» **TASK PROMPT**: Each record that comes next should be output exactly; pictures do not belong in the copy.

» **TASK DATA**:
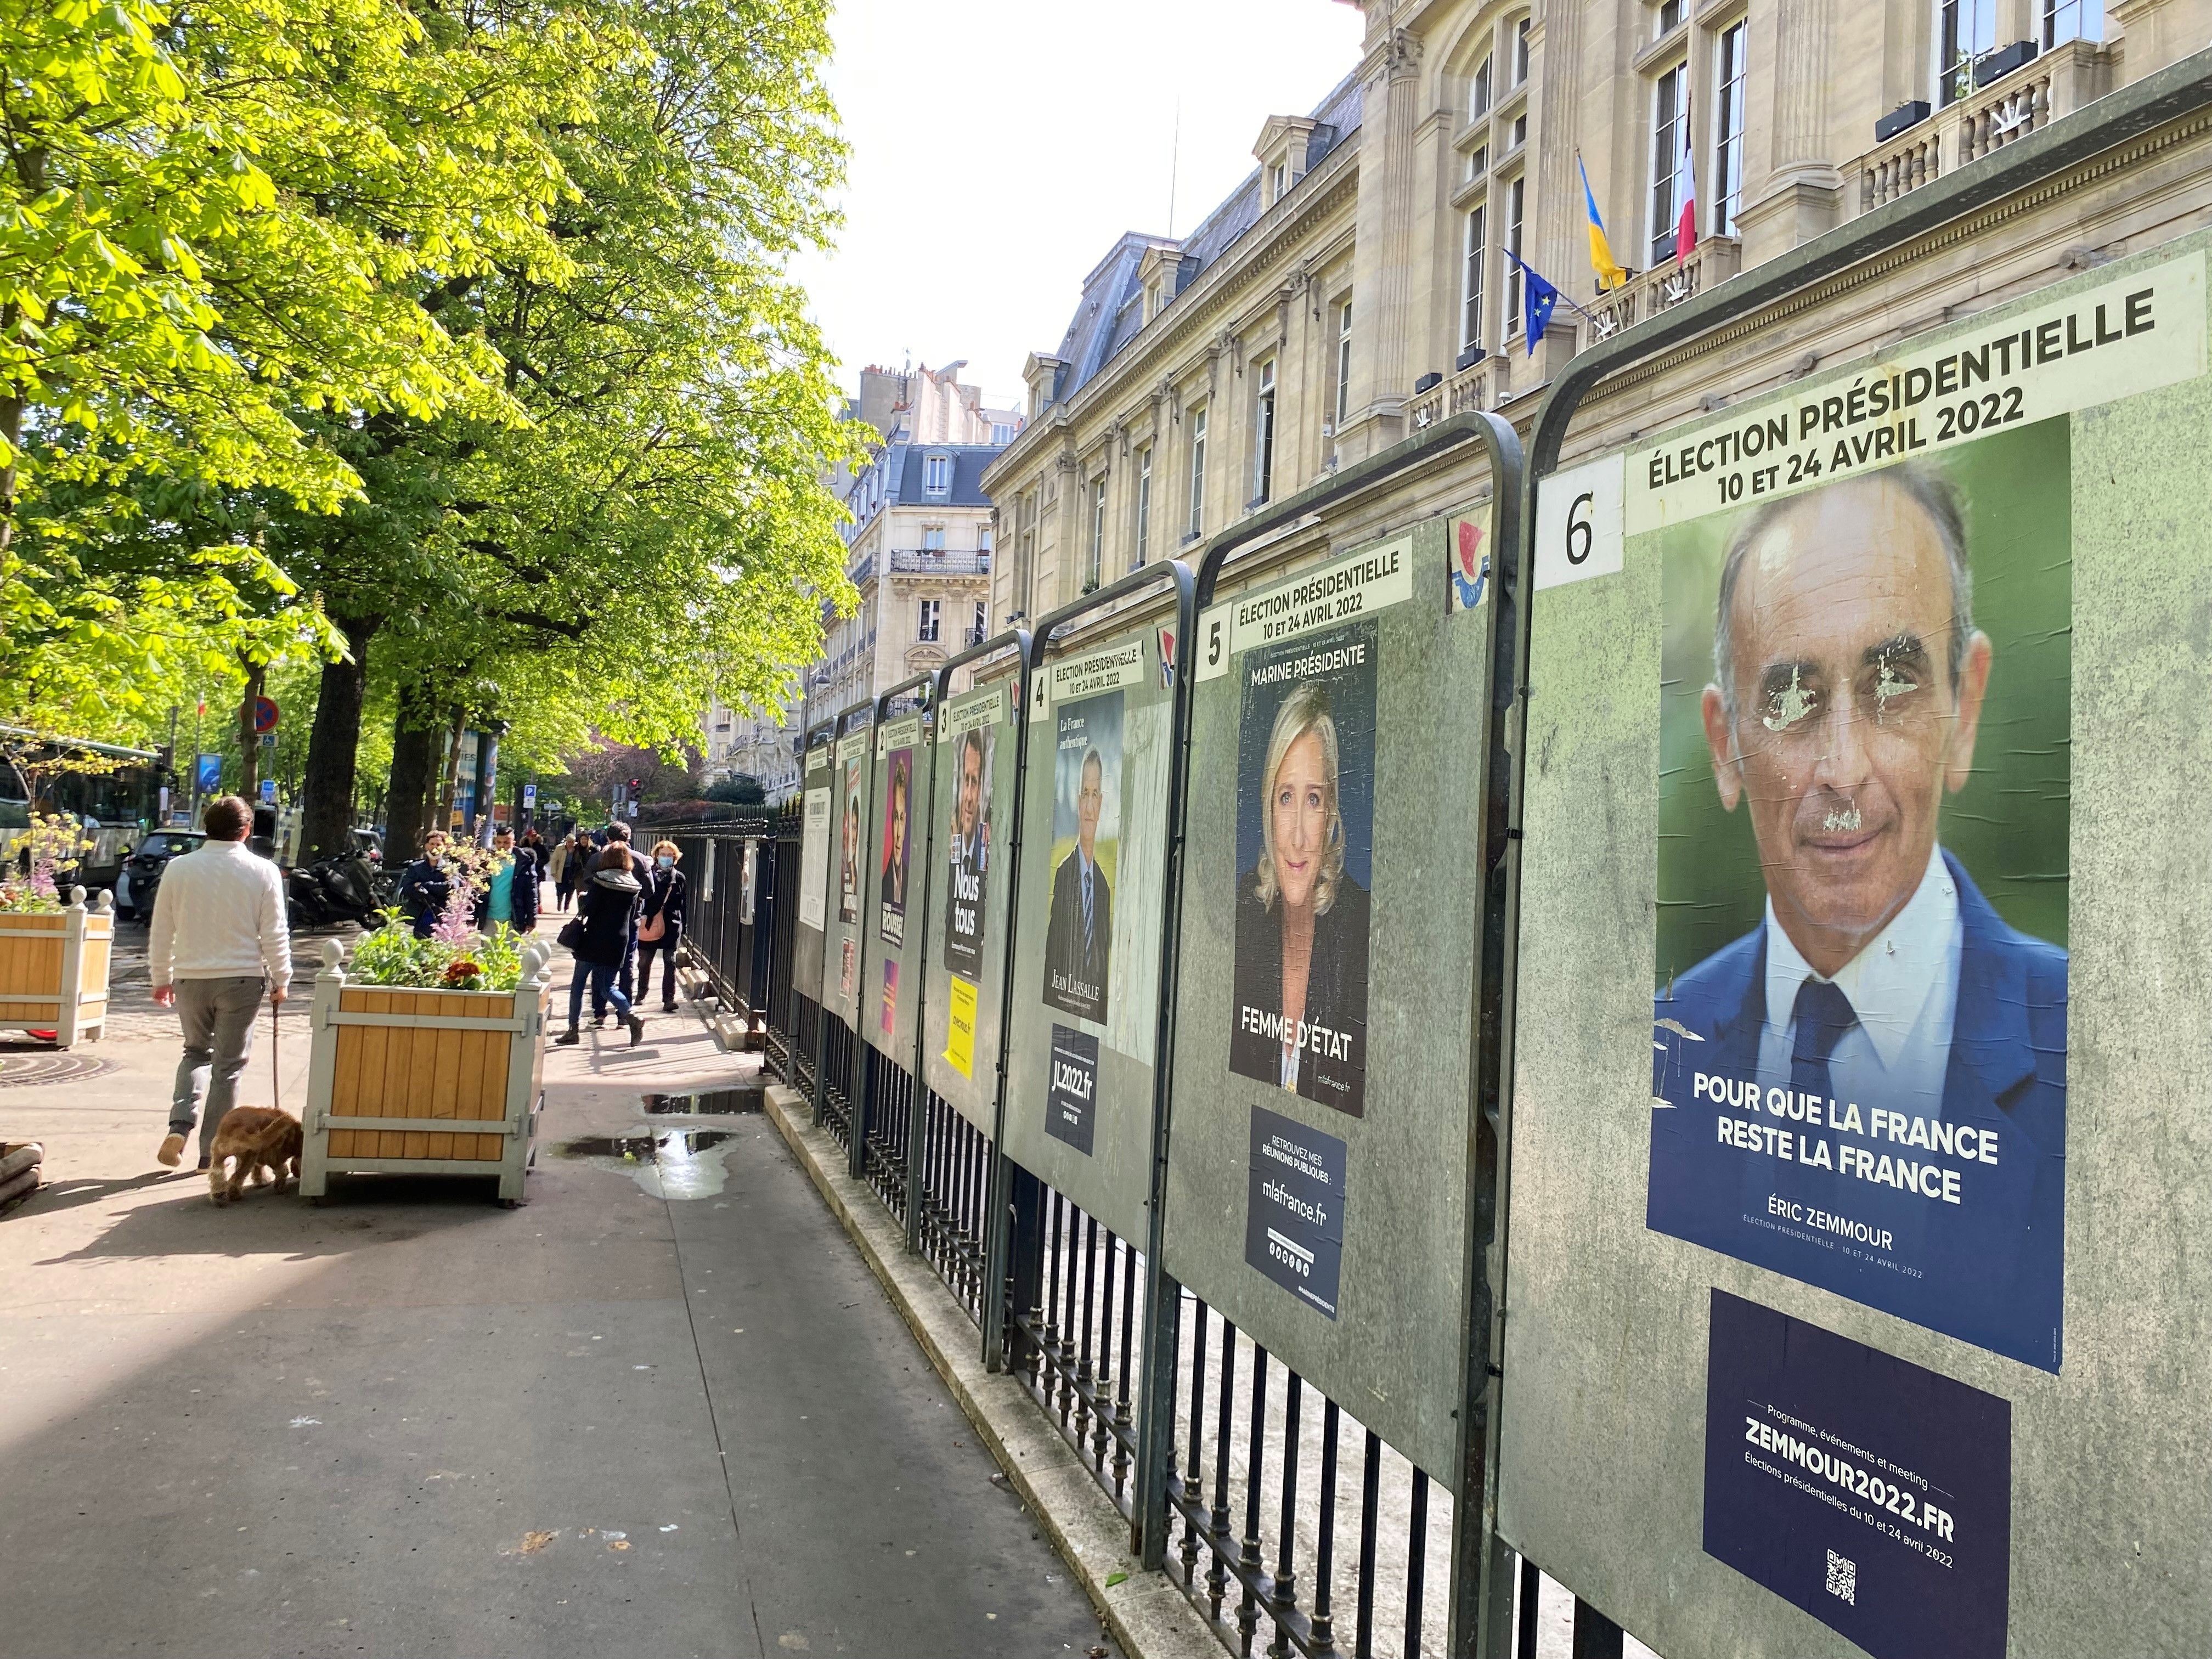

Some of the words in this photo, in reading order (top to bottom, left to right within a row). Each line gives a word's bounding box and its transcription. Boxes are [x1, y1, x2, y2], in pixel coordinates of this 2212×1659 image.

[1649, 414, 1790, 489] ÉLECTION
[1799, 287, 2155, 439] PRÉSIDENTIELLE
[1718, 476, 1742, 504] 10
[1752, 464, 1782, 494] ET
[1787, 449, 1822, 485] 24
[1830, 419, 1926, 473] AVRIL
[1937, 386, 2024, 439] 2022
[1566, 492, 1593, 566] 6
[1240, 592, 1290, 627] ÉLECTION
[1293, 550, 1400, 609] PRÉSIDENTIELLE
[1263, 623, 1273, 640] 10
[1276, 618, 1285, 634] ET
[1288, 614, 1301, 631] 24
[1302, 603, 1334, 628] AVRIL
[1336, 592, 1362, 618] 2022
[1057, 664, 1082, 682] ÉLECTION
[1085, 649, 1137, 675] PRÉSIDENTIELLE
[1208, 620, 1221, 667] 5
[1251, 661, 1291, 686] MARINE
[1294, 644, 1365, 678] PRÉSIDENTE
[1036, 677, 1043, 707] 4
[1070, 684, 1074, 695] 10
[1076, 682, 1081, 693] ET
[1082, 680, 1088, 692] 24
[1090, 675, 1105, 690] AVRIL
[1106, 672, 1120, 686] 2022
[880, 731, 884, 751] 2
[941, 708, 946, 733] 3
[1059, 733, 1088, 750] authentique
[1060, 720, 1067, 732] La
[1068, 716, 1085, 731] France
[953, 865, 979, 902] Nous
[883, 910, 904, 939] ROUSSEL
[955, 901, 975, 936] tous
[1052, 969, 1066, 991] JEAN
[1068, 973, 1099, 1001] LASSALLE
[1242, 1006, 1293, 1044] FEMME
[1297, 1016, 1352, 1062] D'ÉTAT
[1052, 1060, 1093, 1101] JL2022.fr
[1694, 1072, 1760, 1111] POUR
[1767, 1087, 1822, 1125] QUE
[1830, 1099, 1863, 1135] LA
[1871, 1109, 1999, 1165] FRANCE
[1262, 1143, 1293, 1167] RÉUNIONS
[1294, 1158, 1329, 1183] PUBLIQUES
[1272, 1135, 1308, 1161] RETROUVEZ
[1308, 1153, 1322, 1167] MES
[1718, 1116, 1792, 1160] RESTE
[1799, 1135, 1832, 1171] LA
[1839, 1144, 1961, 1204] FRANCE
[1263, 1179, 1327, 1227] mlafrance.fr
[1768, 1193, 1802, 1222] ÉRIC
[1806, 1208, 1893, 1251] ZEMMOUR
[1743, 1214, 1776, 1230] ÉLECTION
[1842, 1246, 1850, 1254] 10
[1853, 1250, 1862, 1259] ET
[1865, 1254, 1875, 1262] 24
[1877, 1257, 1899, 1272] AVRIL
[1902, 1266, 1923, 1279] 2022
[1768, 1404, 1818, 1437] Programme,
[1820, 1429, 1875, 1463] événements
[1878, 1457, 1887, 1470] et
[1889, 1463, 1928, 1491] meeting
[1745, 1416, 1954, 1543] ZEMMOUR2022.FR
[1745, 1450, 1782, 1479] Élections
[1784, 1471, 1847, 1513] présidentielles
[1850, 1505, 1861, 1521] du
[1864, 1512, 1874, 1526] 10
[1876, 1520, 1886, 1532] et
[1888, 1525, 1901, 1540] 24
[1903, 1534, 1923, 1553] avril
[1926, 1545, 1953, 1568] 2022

» **ANSWER TO THIS EXERCISE**:
Some of the words in this photo, in reading order (top to bottom, left to right within a row). Each line gives a word's bounding box and its transcription. Boxes are [x1, y1, x2, y2], in pixel coordinates of this 2212×1659 image.

[1649, 414, 1790, 489] ÉLECTION
[1799, 287, 2155, 439] PRÉSIDENTIELLE
[1718, 476, 1742, 504] 10
[1752, 464, 1782, 494] ET
[1787, 449, 1822, 485] 24
[1830, 419, 1926, 473] AVRIL
[1937, 386, 2024, 439] 2022
[1566, 492, 1593, 566] 6
[1240, 592, 1290, 627] ÉLECTION
[1293, 550, 1400, 609] PRÉSIDENTIELLE
[1263, 623, 1273, 640] 10
[1276, 618, 1285, 634] ET
[1288, 614, 1301, 631] 24
[1302, 603, 1334, 628] AVRIL
[1336, 592, 1362, 618] 2022
[1057, 664, 1082, 682] ÉLECTION
[1085, 649, 1137, 675] PRÉSIDENTIELLE
[1208, 620, 1221, 667] 5
[1251, 661, 1291, 686] MARINE
[1294, 644, 1365, 678] PRÉSIDENTE
[1036, 677, 1043, 707] 4
[1070, 684, 1074, 695] 10
[1076, 682, 1081, 693] ET
[1082, 680, 1088, 692] 24
[1090, 675, 1105, 690] AVRIL
[1106, 672, 1120, 686] 2022
[880, 731, 884, 751] 2
[941, 708, 946, 733] 3
[1059, 733, 1088, 750] authentique
[1060, 720, 1067, 732] La
[1068, 716, 1085, 731] France
[953, 865, 979, 902] Nous
[883, 910, 904, 939] ROUSSEL
[955, 901, 975, 936] tous
[1052, 969, 1066, 991] JEAN
[1068, 973, 1099, 1001] LASSALLE
[1242, 1006, 1293, 1044] FEMME
[1297, 1016, 1352, 1062] D'ÉTAT
[1052, 1060, 1093, 1101] JL2022.fr
[1694, 1072, 1760, 1111] POUR
[1767, 1087, 1822, 1125] QUE
[1830, 1099, 1863, 1135] LA
[1871, 1109, 1999, 1165] FRANCE
[1262, 1143, 1293, 1167] RÉUNIONS
[1294, 1158, 1329, 1183] PUBLIQUES
[1272, 1135, 1308, 1161] RETROUVEZ
[1308, 1153, 1322, 1167] MES
[1718, 1116, 1792, 1160] RESTE
[1799, 1135, 1832, 1171] LA
[1839, 1144, 1961, 1204] FRANCE
[1263, 1179, 1327, 1227] mlafrance.fr
[1768, 1193, 1802, 1222] ÉRIC
[1806, 1208, 1893, 1251] ZEMMOUR
[1743, 1214, 1776, 1230] ÉLECTION
[1842, 1246, 1850, 1254] 10
[1853, 1250, 1862, 1259] ET
[1865, 1254, 1875, 1262] 24
[1877, 1257, 1899, 1272] AVRIL
[1902, 1266, 1923, 1279] 2022
[1768, 1404, 1818, 1437] Programme,
[1820, 1429, 1875, 1463] événements
[1878, 1457, 1887, 1470] et
[1889, 1463, 1928, 1491] meeting
[1745, 1416, 1954, 1543] ZEMMOUR2022.FR
[1745, 1450, 1782, 1479] Élections
[1784, 1471, 1847, 1513] présidentielles
[1850, 1505, 1861, 1521] du
[1864, 1512, 1874, 1526] 10
[1876, 1520, 1886, 1532] et
[1888, 1525, 1901, 1540] 24
[1903, 1534, 1923, 1553] avril
[1926, 1545, 1953, 1568] 2022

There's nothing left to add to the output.